The Caliphate of Islam from the 7th to 10th centuries, learned from the christians of syria who held the byzantine texts which came from the Romans and Greeks - this was the conduit for the Arabs learning the Greek science and philosphy. in this way the Arab empire came to learn the science of the the Greeks and Romans, and developed it further in some cases (eg astronomy). In Europe's 'dark ages' much of this learning was lost. In 1100 AD, Europe could not build things the romans could. Of the civilizations of the world, Europe was behind both the chinese and the Arabs - probably CHina was the most advanced civilization in 1300AD.

When christians reconquereed spain in 1100-1300, much of the Greek learning that was lost was 'rediscovered'. It started cycles of learning that accelerated with the Renaissance in the 1400s. We tend to discount the learning of the middle ages, but a book I am reading right now makes the case that Europe's technological revolutions began as early as 1150 AD witht he cathedral building boom (the 'cathedral crusade').

Even in 1300AD, the Muslims could construct 'astrolabes' that Europeans could not - but they became models for clocks and other instruments that Europeans developed at later dates. And Islam had silk weaving that was imported into Europe. Probably after 1350AD or so, there was not much that Islamic nations knew that Europe didnt.

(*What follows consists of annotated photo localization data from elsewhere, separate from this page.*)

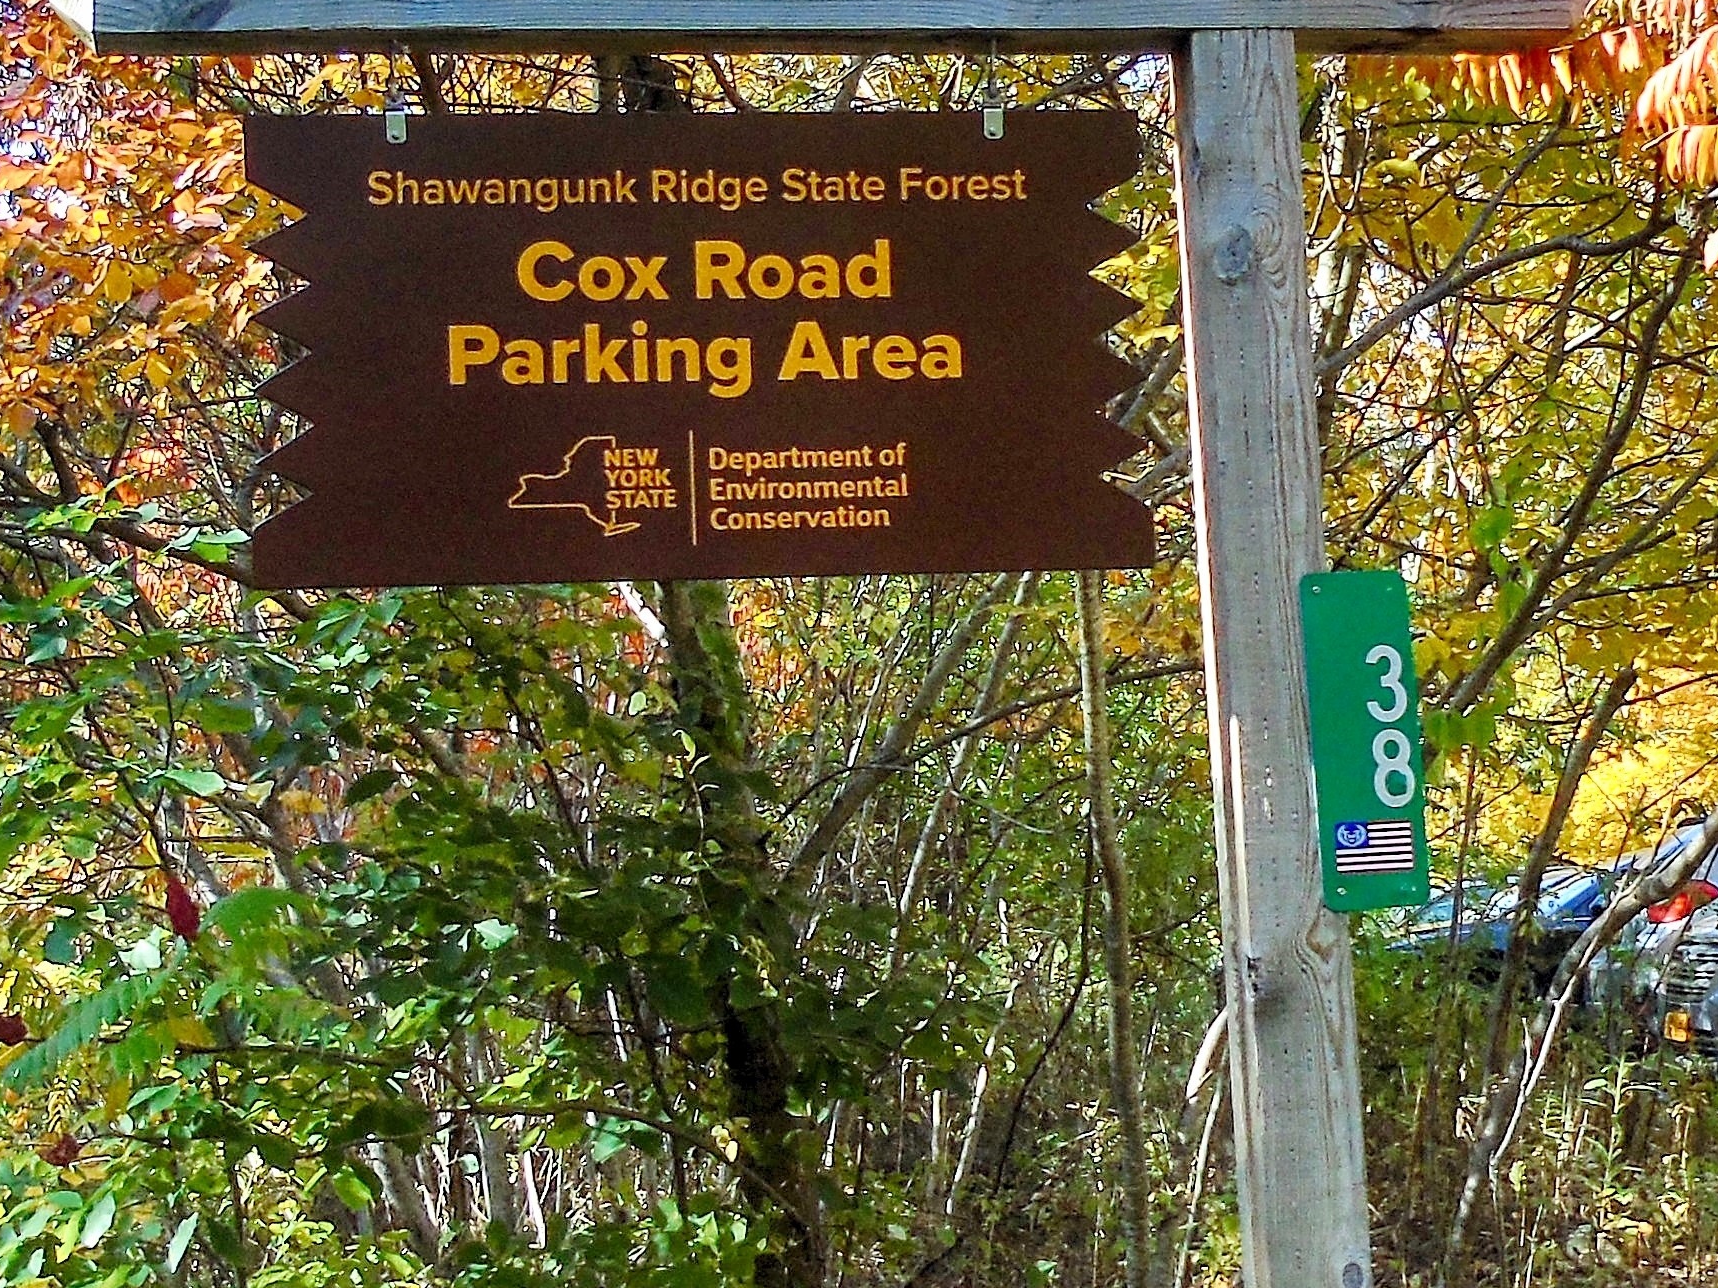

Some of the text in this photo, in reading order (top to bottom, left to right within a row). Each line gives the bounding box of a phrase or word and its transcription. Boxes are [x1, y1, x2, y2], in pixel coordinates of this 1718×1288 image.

[367, 167, 1028, 213] Shawangunk Ridge State Forest
[515, 238, 892, 302] Cox Road
[447, 320, 963, 399] Parking Area
[603, 448, 659, 468] NEW
[708, 442, 907, 477] Department of
[604, 468, 672, 488] YORK
[709, 473, 909, 501] Environmental
[605, 489, 678, 509] STATE
[710, 505, 891, 531] Conservation
[1364, 644, 1416, 808] 38

I think there is an over-reaction to the book's premise here by saying the Arabs developed nothing. There was much done in years 800 to 1200, in particular in Moorish states in Spain, that was advanced. The premise that Arabs were ahead of Europe up to 1600 might be untrue as once Europe had gunpowder, the press and dicsovered the new world, it had opportunities and powers not all found elsewhere. In 1492, Spain discovered the New World and kicked out the Jews. Many Jews fled to the Ottoman Empire and helped support him financially in finishing off the vestiges of the Byzantine empire, the same empire that the Saracens (Arab warriors) first defeated and the Arab Caliphate learned from back in the 7th and 8th centuries.

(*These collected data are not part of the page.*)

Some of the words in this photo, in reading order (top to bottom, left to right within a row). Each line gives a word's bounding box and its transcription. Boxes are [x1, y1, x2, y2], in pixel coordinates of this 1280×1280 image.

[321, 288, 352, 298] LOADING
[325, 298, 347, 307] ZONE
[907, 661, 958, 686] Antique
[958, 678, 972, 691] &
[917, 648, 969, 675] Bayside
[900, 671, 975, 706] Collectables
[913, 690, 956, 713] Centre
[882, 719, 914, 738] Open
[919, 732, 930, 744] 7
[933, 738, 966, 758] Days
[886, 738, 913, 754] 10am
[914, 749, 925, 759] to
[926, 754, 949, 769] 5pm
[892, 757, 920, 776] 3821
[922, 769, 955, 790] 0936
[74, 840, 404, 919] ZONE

To sum up: Yes, the Arab Caliphate was advanced vs. Europe from 800 to 1350. Most but not all of that learning was from other civilizations.
While Europe advanced after 1500 rapidly, other civilizations were not, and by 1600 Europe has the printing press, universities and had initiated, thanks to men like Galileo, conceptions of scientific inquiry that enabled them not just to learn what had gone before, but discover new truths in organized ways. The laid the groundwork for Newton and our modern scientific and technological revolutions.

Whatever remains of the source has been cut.